The patent at issue, U.S. Patent No. 6,900,221, claimed:
44. A method for the treatment of NSCLC (non small cell lung cancer), pediatric malignancies, cervical and other tumors caused or promoted by human papilloma virus (H[P]V), Barrett's esophagus (pre-malignant syndrome), or neoplastic cutaneous diseases in a mammal comprising administering to said mammal a therapeutically effective amount of [erlotinib].
The PTAB had invalidated the patent based largely on the following statement in a review article by Dr. Jackson B. Gibbs:
ZD-1839 and [erlotinib], competitive inhibitors of ATP binding to the [EGFR]'s active site, are currently in clinical trials (12, 13). . . . However, these compounds appear to have good anti-cancer activity in preclinical models, with an acceptable therapeutic index, particularly in patients with non-small cell lung cancer.
In addition, OSI made the following statement in its annual report to shareholders:
[Erlotinib], which targets a variety of cancers including ovarian, pancreatic, non-small cell lung and head and neck, achieved a significant milestone with the completion of Phase I safety trials and the initiation of Phase II clinical trials in the United States in cancer patients. [Erlotinib] is a potent, selective and orally active inhibitor of the epidermal growth factor receptor, a key oncogene in these cancers.
According to the PTAB, this evidence supported a "clear inference" that "erlotinib has anti-cancer activity against non-small cell lung cancer."
The Federal Circuit disagreed. As an initial matter, the Gibbs article did not include or refer to any data indicating that erlotinib had activity against NSCLC. OSI submitted a declaration from Dr. Gibbs, the author of the article, who stated:
Based on references 12 and 13, the abstracts from the 1999 ASCO and AACR Conferences, and my own personal recollection, my research at the time of my article did not identify any information suggesting that [erlotinib] exhibited anti-tumor activity in NSCLC. I was (and still am) not aware of any published abstracts or articles describing the clinical or preclinical response of a NSCLC tumor to [erlotinib] that were available as of the time my article was published, and I reviewed no such abstracts or articles in drafting my article.
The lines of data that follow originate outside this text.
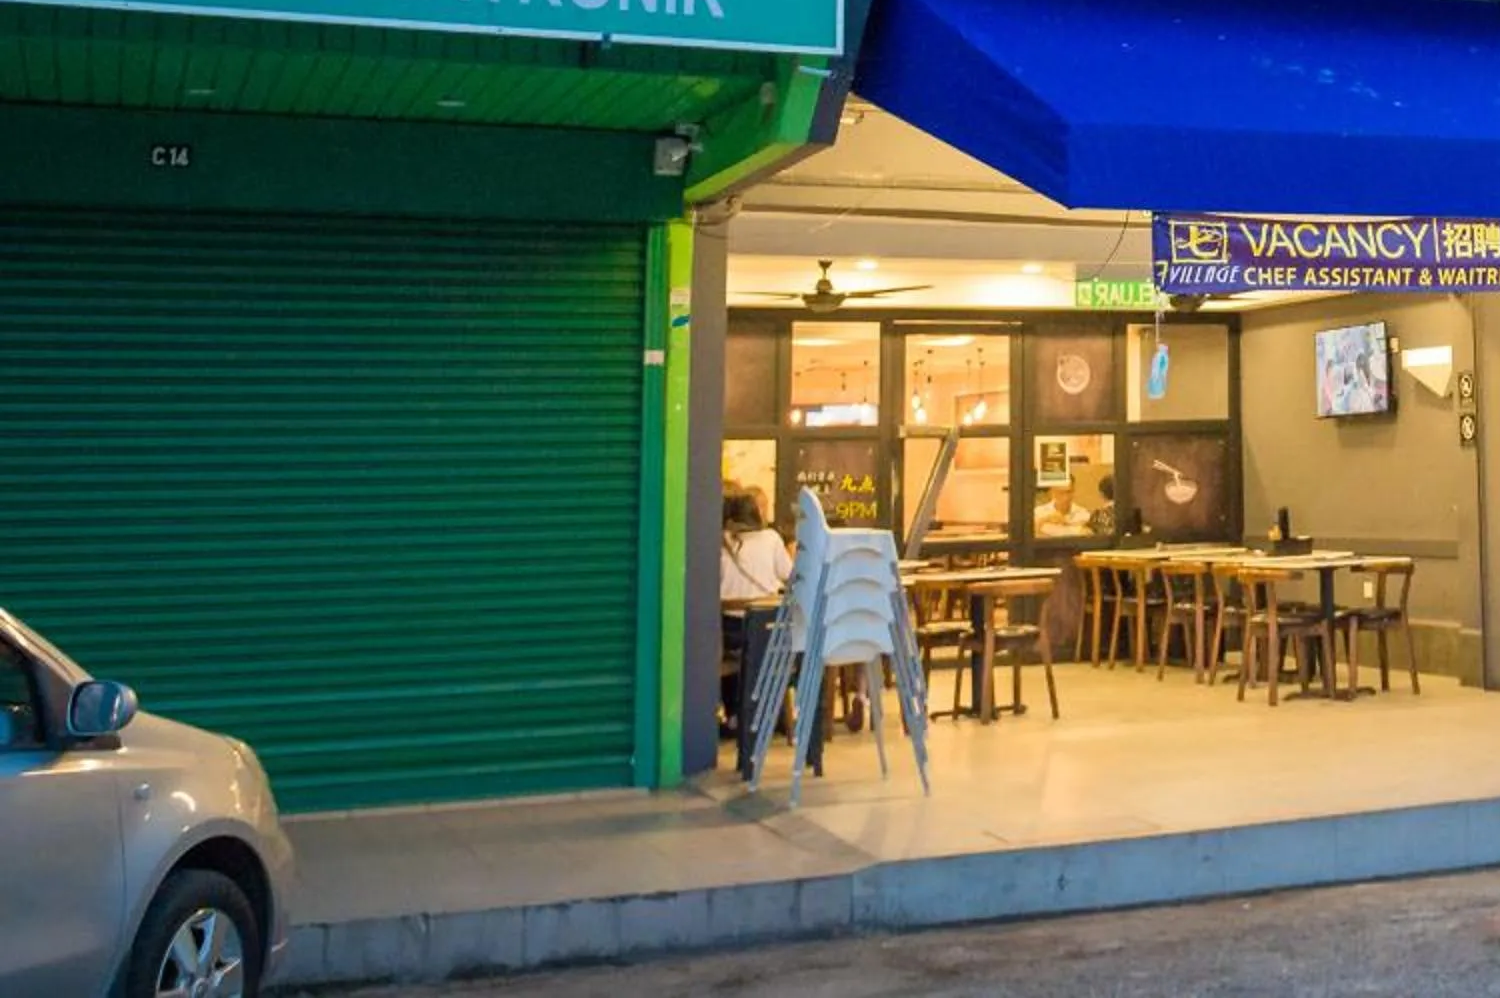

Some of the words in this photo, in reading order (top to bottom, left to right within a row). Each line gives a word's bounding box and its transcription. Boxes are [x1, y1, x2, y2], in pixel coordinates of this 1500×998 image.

[1239, 221, 1430, 259] VACANCY
[1169, 265, 1240, 284] VILLAGE
[1244, 267, 1297, 286] CHEF
[1304, 267, 1414, 286] ASSISTANT
[1419, 267, 1432, 286] &
In addition, the evidence of record merely demonstrated that erlotinib had entered phase II clinical trials, and OSI had submitted proof that 99.5% of drugs entering phase II for NSCLC cancer fail to gain FDA approval. As the Federal Circuit explained.
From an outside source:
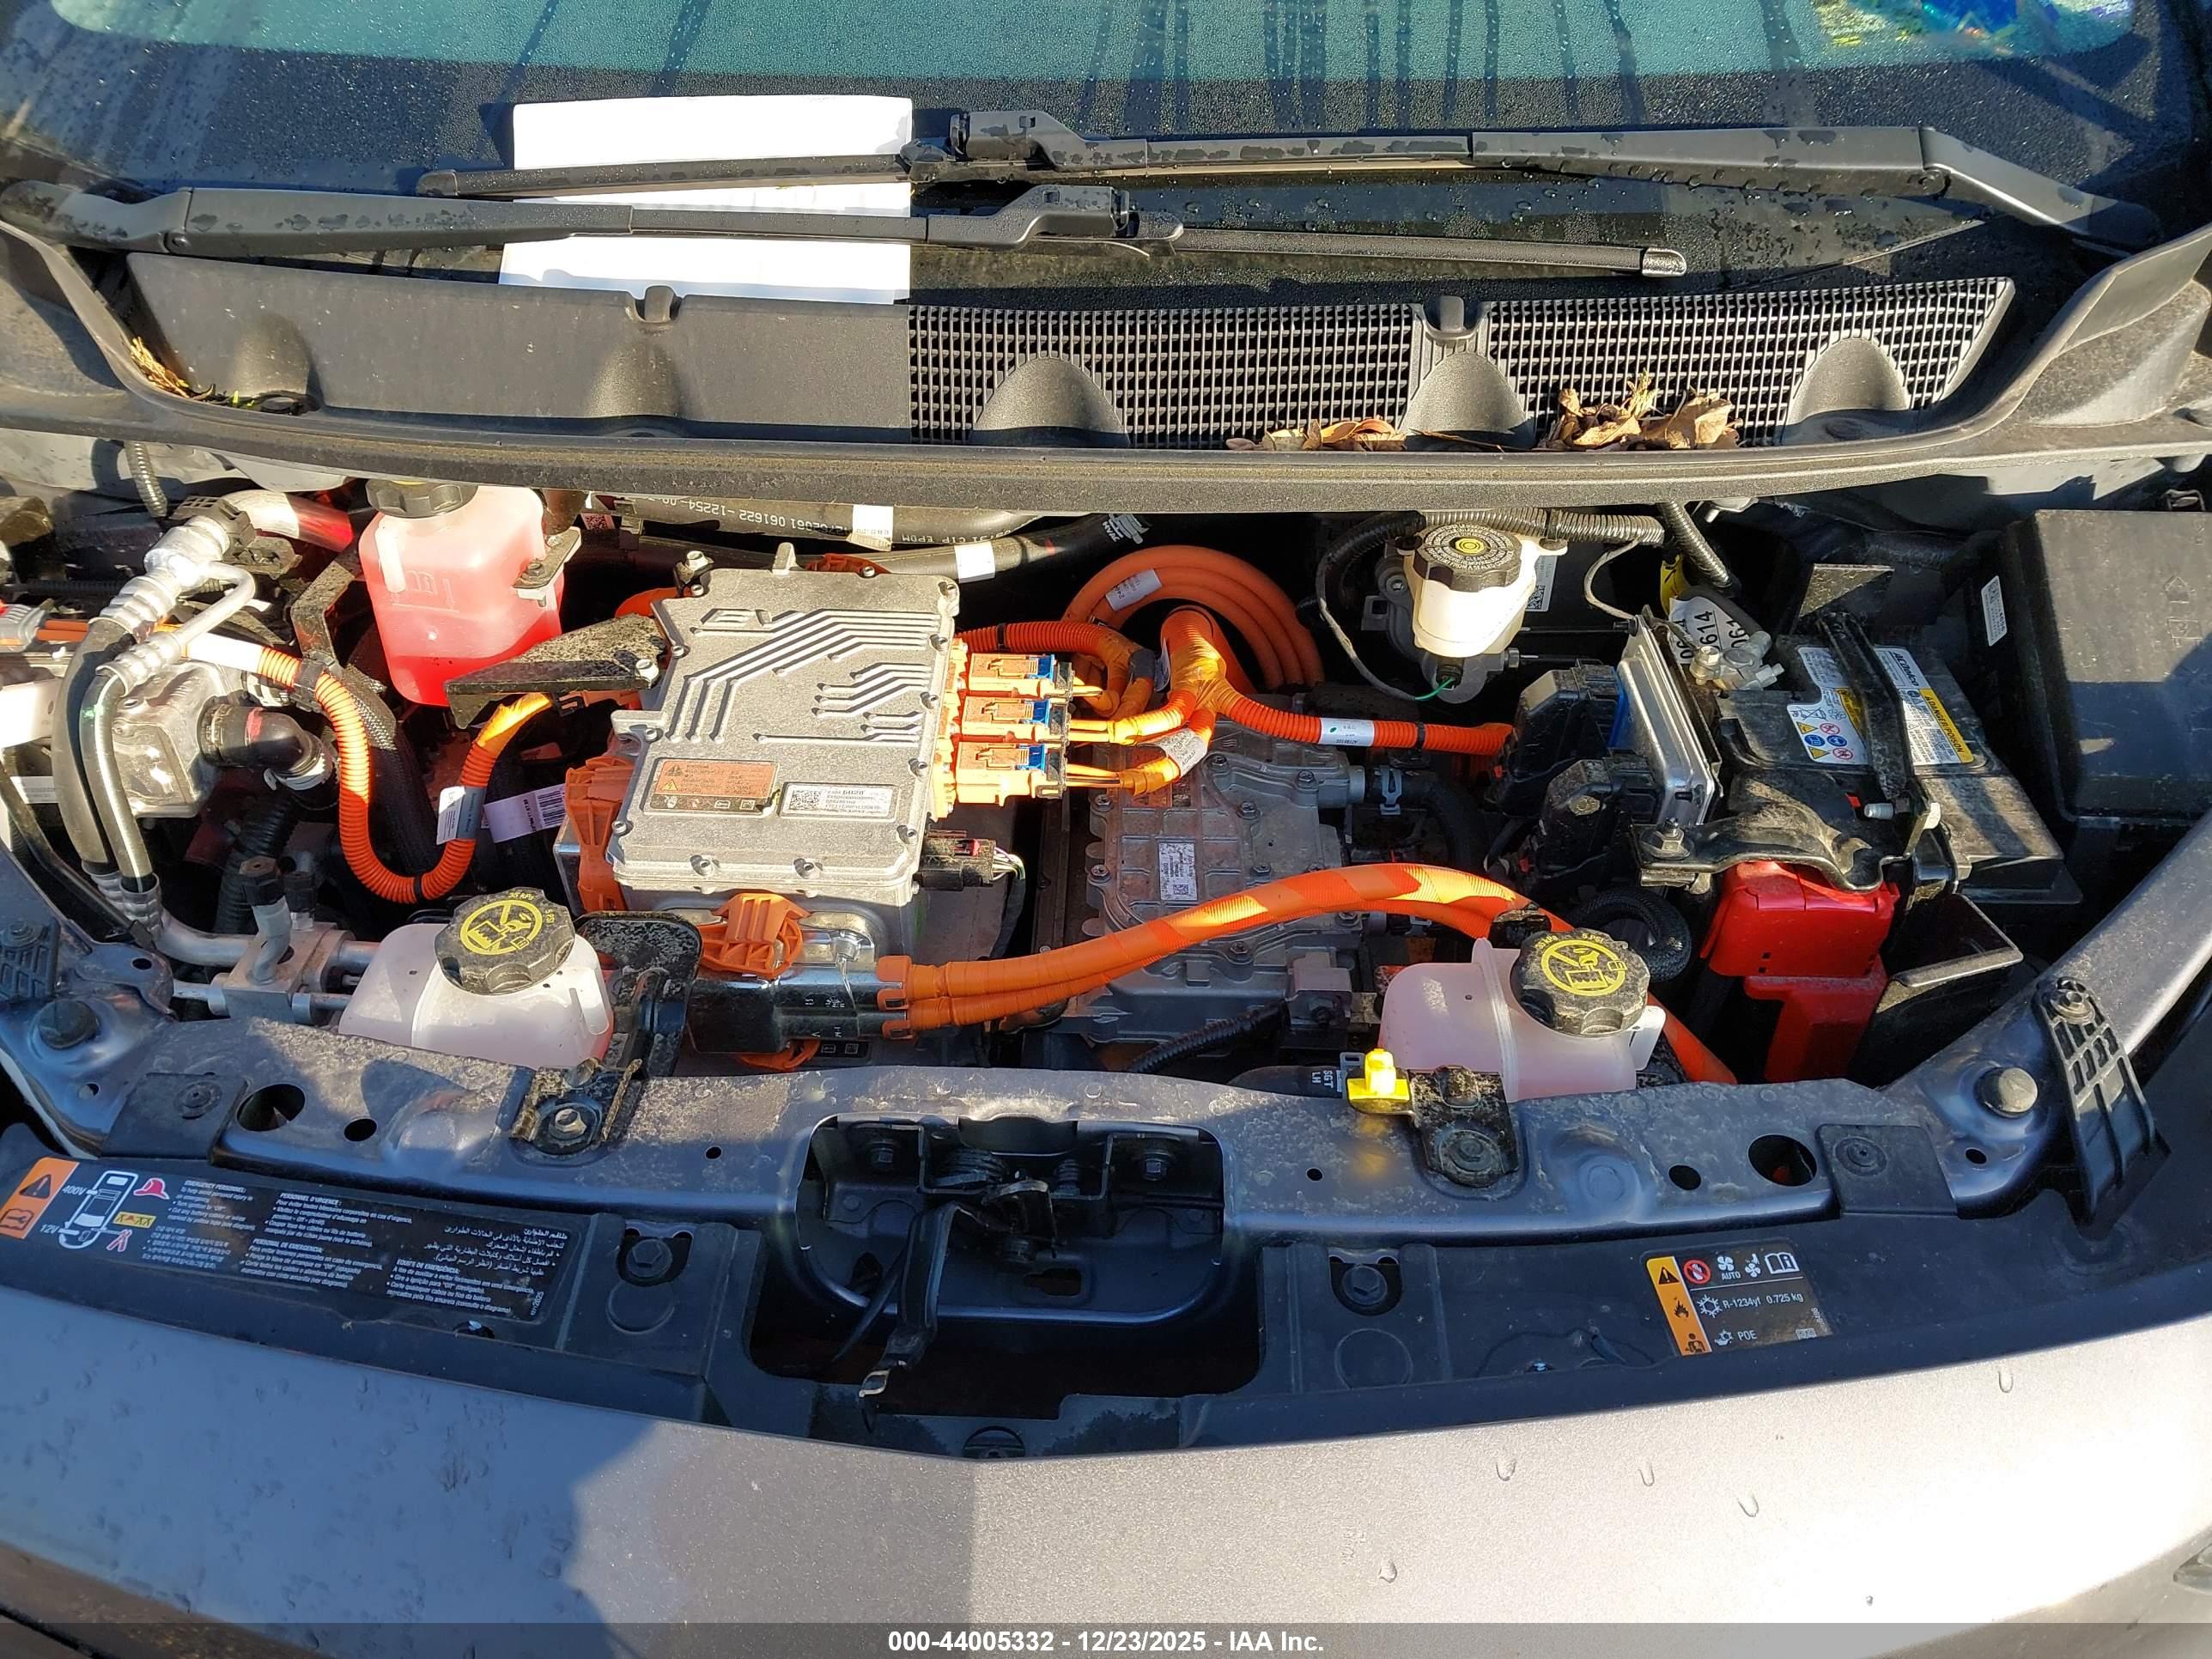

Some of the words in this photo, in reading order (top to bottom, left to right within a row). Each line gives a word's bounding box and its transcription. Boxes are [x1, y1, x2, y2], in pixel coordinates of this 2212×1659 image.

A great majority of therapies for NSCLC failed in clinical trials. "In non-small-cell lung cancer alone, between 1990 and 2005, a total of 1,631 new drugs were studied in phase II. Only seven of these new agents gained FDA approval."
Without relevant data, and this huge failure rate, the record failed to support a reasonable expectation of success in NSCLC, in spite of the vague rosy predictions in the prior art.